Our overall objective was to develop a robust method of studying complex tumor and vascular response to ionizing radiation evolving over time within the living tumor with exquisite spatial and temporal control and in real-time. We have introduced a new preclinical experimental platform for cellular-level, non-invasive longitudinal optical imaging to study localized radiobiological response of tumor cells as well as their vascular and perivascular compartments in vivo. We combined spatially-targeted focal irradiation with intravital multimodal optical microscopy (e.g. fluorescence and svOCT) in a tumor-bearing DSWC mouse model. Our platform includes some techniques, such as the small animal irradiator and intravital fluorescence microscopy, which are commercially available. Additionally, we have introduced new complementary technical capabilities, such as svOCT imaging and the custom built mouse holder for immobilizing the subject during x-ray irradiation and microscopy which, in combination, provide an important advancement to study radiobiological response phenomena in vivo in murine models of cancer.

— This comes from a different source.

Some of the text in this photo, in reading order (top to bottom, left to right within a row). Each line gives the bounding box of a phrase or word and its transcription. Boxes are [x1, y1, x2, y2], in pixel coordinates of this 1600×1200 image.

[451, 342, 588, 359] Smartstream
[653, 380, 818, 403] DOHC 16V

This platform circumvents several previous technical limitations in preclinical radiobiology studies:

  1. The microirradiator enables precise focal treatment of small tumors in the window chamber with a controlled dose and beam profile. The precise location of the irradiation beam can be identified and registered to subsequent longitudinal optical imaging. Furthermore, the microirradiator provides for image-guided delivery of the radiation beam at sub-millimeter resolutions which is currently not possible with conventional techniques (e.g. use of lead shielding).
  2. The transparent window chamber model permits simultaneous visualization of multiple tumor components (e.g. tumor cells, vasculature, perivascular cells, and platelets) using multiplexed confocal fluorescence microscopy with single-cell resolution and svOCT imaging of microvascular structural patency.

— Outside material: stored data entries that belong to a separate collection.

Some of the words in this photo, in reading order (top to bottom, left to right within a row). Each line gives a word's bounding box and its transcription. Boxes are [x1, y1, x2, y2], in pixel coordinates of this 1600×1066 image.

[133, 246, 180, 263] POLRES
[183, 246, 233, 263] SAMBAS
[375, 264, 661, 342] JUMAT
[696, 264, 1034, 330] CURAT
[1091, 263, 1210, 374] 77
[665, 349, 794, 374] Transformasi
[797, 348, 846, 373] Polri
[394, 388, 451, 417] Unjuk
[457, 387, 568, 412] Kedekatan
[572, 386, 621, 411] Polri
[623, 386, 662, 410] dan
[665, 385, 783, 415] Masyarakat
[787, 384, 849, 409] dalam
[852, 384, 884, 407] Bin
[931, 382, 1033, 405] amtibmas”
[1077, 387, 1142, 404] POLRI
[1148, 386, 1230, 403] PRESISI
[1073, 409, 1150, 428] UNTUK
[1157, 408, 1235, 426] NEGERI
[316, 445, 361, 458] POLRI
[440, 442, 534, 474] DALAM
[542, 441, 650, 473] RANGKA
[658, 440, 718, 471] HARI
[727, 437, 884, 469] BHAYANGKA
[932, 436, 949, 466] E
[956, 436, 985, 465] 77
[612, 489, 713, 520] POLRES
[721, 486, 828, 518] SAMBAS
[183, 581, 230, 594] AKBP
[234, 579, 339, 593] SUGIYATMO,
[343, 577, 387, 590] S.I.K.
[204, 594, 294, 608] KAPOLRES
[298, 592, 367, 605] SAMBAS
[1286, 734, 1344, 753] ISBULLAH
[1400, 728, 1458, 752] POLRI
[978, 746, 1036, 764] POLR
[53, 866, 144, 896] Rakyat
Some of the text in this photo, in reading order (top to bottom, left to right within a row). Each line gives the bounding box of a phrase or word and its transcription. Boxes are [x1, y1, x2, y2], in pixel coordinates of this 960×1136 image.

A key advantage of our approach is that longitudinal imaging allows us to track dynamic changes in tumor vascular networks or individual tumor vessels and to compare how different vessel types respond in the same animal over time. By using multiple molecularly-targeted fluorescent reporter probes in vivo, we were able to track radiation-induced (vessel size-dependent) structural, functional and cellular alterations in real-time. We have demonstrated the ability to quantify these changes for up to 3 weeks after treatment in the same animal. Indeed, the DSWC allowed us to compare irradiated verses non-irradiated tissues in the same mouse, providing an internal control comparison. Furthermore, we could track the temporal profiles of perivascular cell response and radiation-induced microvascular thrombogenesis in irradiated tumor vasculature. Analysis of tumor cells, microvasculature and pericytes at high spatial resolution could also provide information relevant to cell-to-cell interactions resulting from irradiation in vivo.

Our results reveal progressive distortions of tumor vascular geometry and reduced microcirculatory perfusion caused by radiation-induced thrombi, which could contribute to transient deprivation of oxygen and nutrients in the tumors. Such localized inhibition of microvascular function could influence tumor hypoxia status at a microscopic level [16]. This in turn could induce radioresistance due to hypoxia or select phenotypically for radiation-resistant tumor cells [19], [41]. Our platform could be used in the future to study these phenomena in preclinical tumor models using clinically-relevant radiation treatment regimens [42]. We recognize that using APC-CD41 intravascularly to image platelet thrombosis could be problematic due to microvascular occlusions seen at later time points (>4 days) that reduce the delivery efficiency of the fluorescence antibody through the irradiated tumor vasculature. As an alternative strategy, the use of transgenic mice with GFP-expressing platelets could overcome this limitation [43]. Furthermore, the platform could allow important morphological and functional based information to be obtained about the combined antitumor effects of radiation and emerging anti-vascular/anti-angiogenic therapies [19], [20]. We have confirmed that the in vivo performance of the platform allows for irradiation of sub-millimeter tissue volumes and imaging of multiple tissue components simultaneously at single-cell resolution. Multispectral fluorescence and svOCT microscopic imaging were found to be sensitive to acute tissue, vascular and cellular changes that occur over relatively short periods of time (e.g. 1 hour) as well as delayed changes following irradiation. In addition, fluorescence labeling using ligand-specific antibody provided for cell type-specific imaging in vivo so that different tumor components (e.g. cells, vessels, pericytes) can be identified and studied over time.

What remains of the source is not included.